A noite prologava-se, com o tempo oferecendo-lhe facadas pontiagudas que queimavam seu peito. Era uma noite enregelada e suspensa no tempo. O tempo o qual aparentava ter sido congelado, paralisado e emboscado. Em um tique-taque vibrante em seus ouvidos, unindo-se ao seu sangue correndo em seu corpo, frenético. Percy podia ter uma nítida sensação de que a ponta de seus dedos ter sido afundadas em degraus escamados de lava, seu rosto perdera a cor vivaz, sendo substituído por um cálido fulgor inebriante. O filho de Poseidon foi capaz de enxergar uma presença desconhecida e oculta em sombras vagueando com seu capuz o qual açoitava suas costas, onde sob sua obscuridade surgia um a face deformada e cruel de um gigante, o qual golpeava-o nas laterais, projetando uma foice em seu esterno para apenas virar as costas e partir.

–Como ela está? –seu murmúrio saiu rouco e trêmulo, apesar de tentar convencer a si mesmo de estar confiante e aprumado. Sabia a responsa, embora coagira a perguntar. Podia vê-la nos olhos de Apolo, podia interpretá-la apenas de um vislumbre inócuo. –Ela está bem, não está? Está apenas descansando, não é?

Um silêncio correu por ambos, rodeando os calcanhares de Percy como um predador de ombros rígidos e membros poderosos clamando por uma guerra; Percy podia senti-lo avolumando-se em seus tornozelos e enrolando-o como uma corda esfiapada e áspera, uma corrente de aço, que envolvia suas pernas, insistindo em desestabilizá-lo, aguardando esperançoso para poder contemplá-lo cair; uma queda irrefreável e inevitável.
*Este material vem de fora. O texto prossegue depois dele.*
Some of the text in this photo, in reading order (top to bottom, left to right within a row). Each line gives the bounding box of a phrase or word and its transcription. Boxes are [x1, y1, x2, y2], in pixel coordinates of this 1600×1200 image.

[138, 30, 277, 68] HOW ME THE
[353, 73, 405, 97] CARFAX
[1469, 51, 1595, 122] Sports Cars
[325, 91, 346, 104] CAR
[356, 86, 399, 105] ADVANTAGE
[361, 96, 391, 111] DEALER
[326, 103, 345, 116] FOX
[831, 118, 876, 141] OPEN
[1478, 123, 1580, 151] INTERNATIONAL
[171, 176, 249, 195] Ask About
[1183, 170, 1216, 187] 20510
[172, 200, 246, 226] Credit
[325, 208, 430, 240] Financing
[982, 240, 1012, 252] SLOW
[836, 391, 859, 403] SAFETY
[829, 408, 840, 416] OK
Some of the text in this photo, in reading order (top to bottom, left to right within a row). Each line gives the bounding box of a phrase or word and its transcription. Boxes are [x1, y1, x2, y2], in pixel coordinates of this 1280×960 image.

Uma impressão densa e fantasmagórica dominava-o, provocando-o a ceder, e desistir de sua esperança vazia. Porém Percy apoiou-se na parede com firmeza, seus dedos entorpecidos e já inaptos a captar a textura de planícies em decorrência da raivosa força sobre a qual Percy comprimia no vão concreto da estrutura.
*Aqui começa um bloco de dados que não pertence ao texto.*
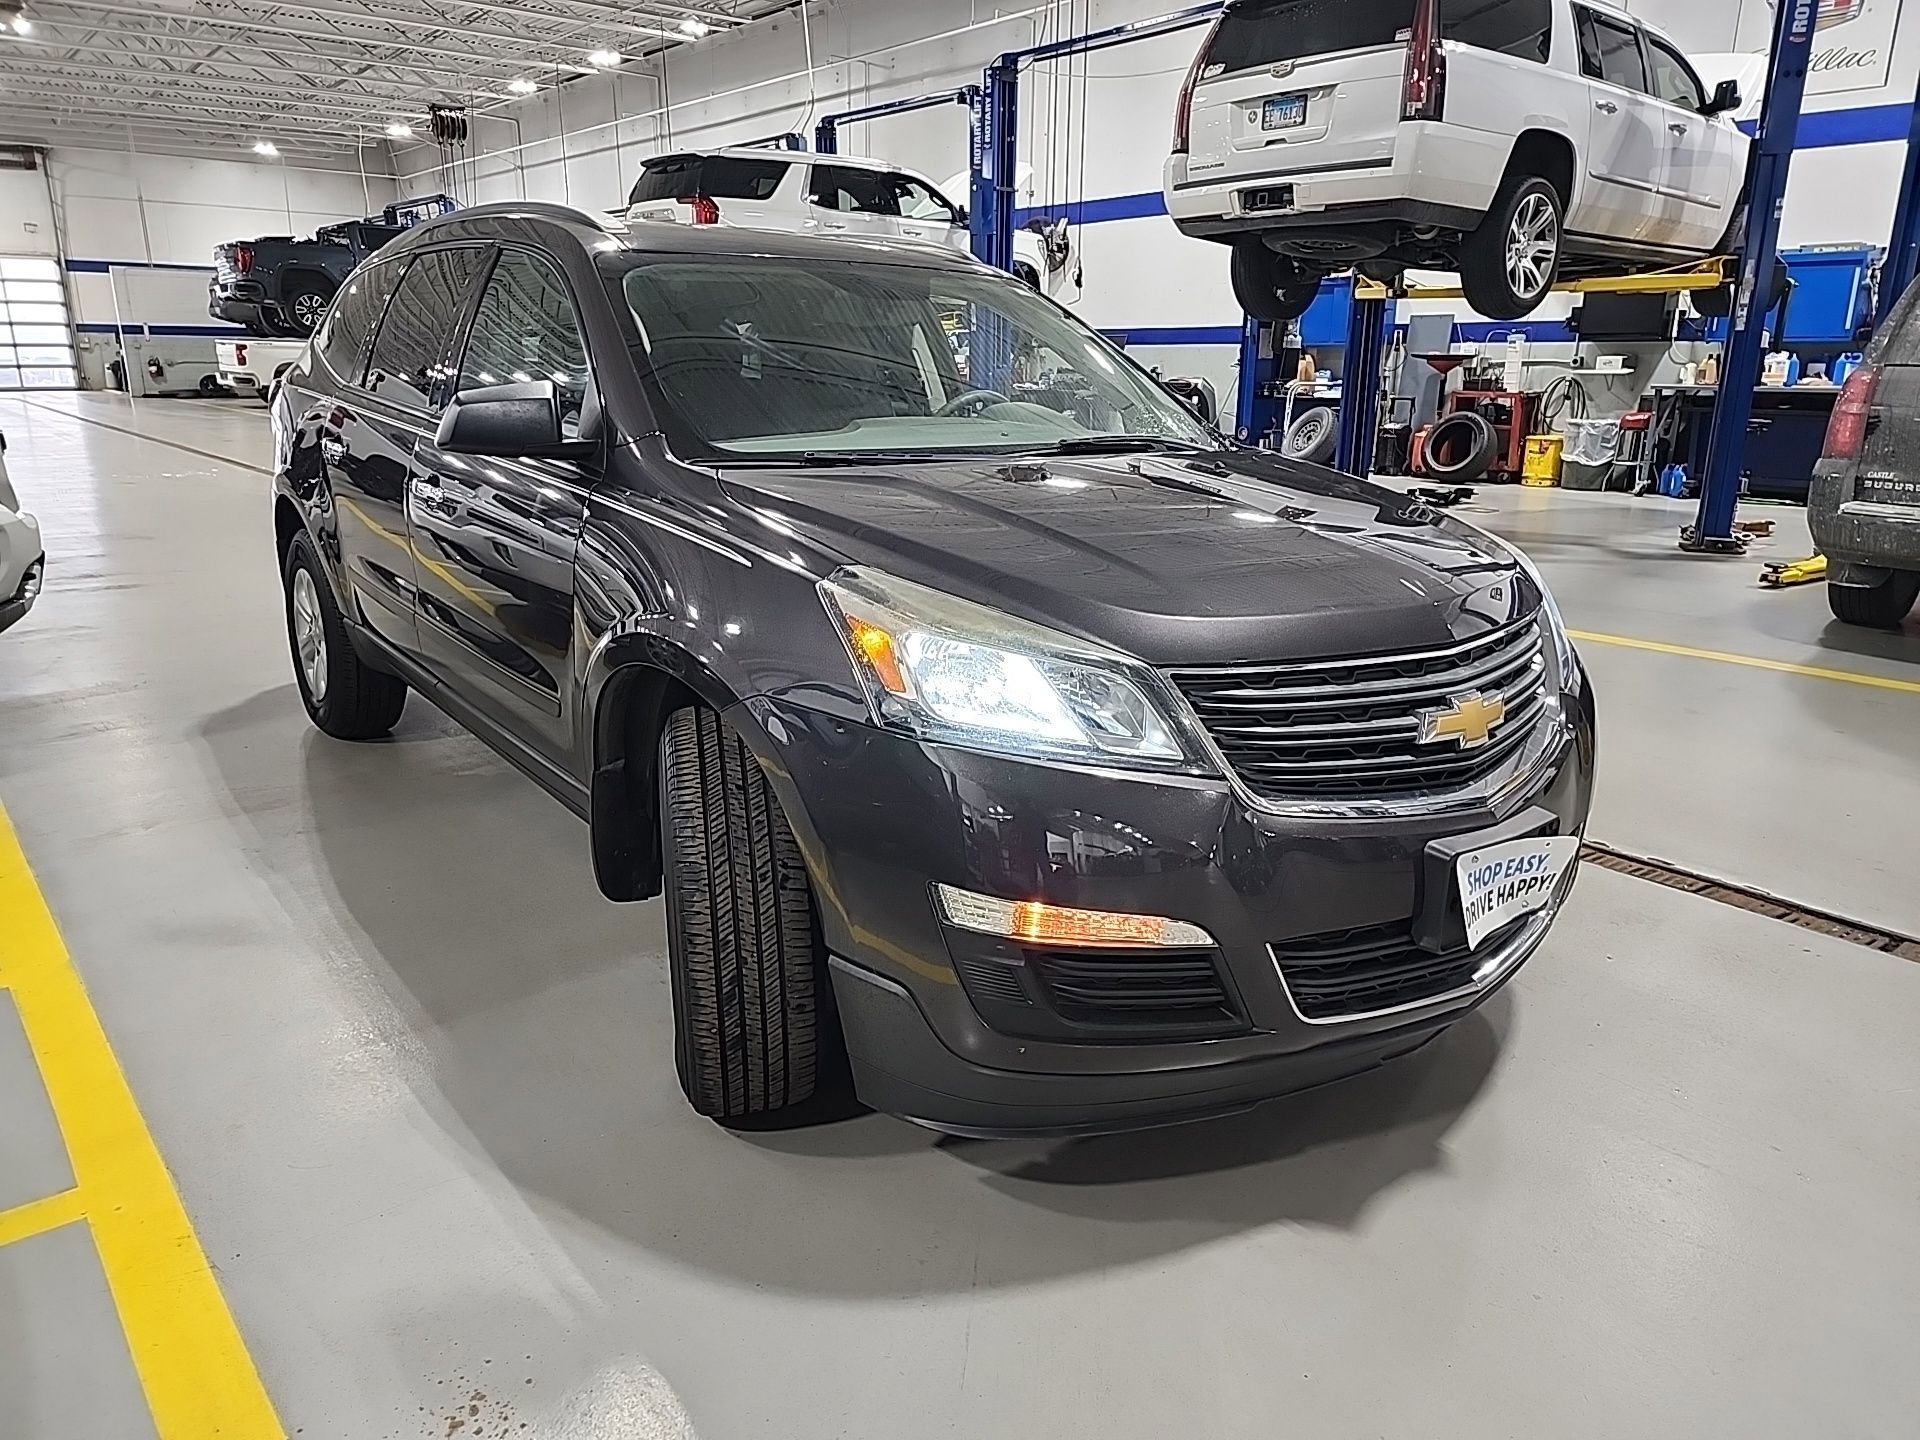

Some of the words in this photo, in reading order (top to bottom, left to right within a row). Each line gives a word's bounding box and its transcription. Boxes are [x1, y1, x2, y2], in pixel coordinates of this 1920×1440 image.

[973, 95, 982, 118] LIFT
[984, 97, 992, 143] ROTARY
[973, 121, 982, 165] ROTARY
[1867, 471, 1896, 480] CASTLE
[1467, 861, 1503, 896] SHOP
[1503, 853, 1551, 879] EASY,
[1465, 888, 1494, 930] DRIVE
[1496, 872, 1557, 908] HAPPY!
Ninguém falou por longos segundos, que aparentavam perpetuarem-se pelo eco infinito do redemoinho devastador onde Percy reteve-se; seus olhos esverdeados haviam esmorecido, o brilho desbotando-se com a rapidez de uma folha seca de outono se dispersando e esfarelando-se no mínimo contato. Sua visão tornou-se vítrea enquanto fitava morbidamente o chão. Não havia percebido o movimento vagaroso e volátil de uma silhueta nos braços dele, não interessava-se em observar o arredor pois prendera-se a um único pensamento cujo ribombar de seu som em vigor soava ameaçadora e sufocante.

Eu a perdi... Não pude... não pude cumprir a promessa...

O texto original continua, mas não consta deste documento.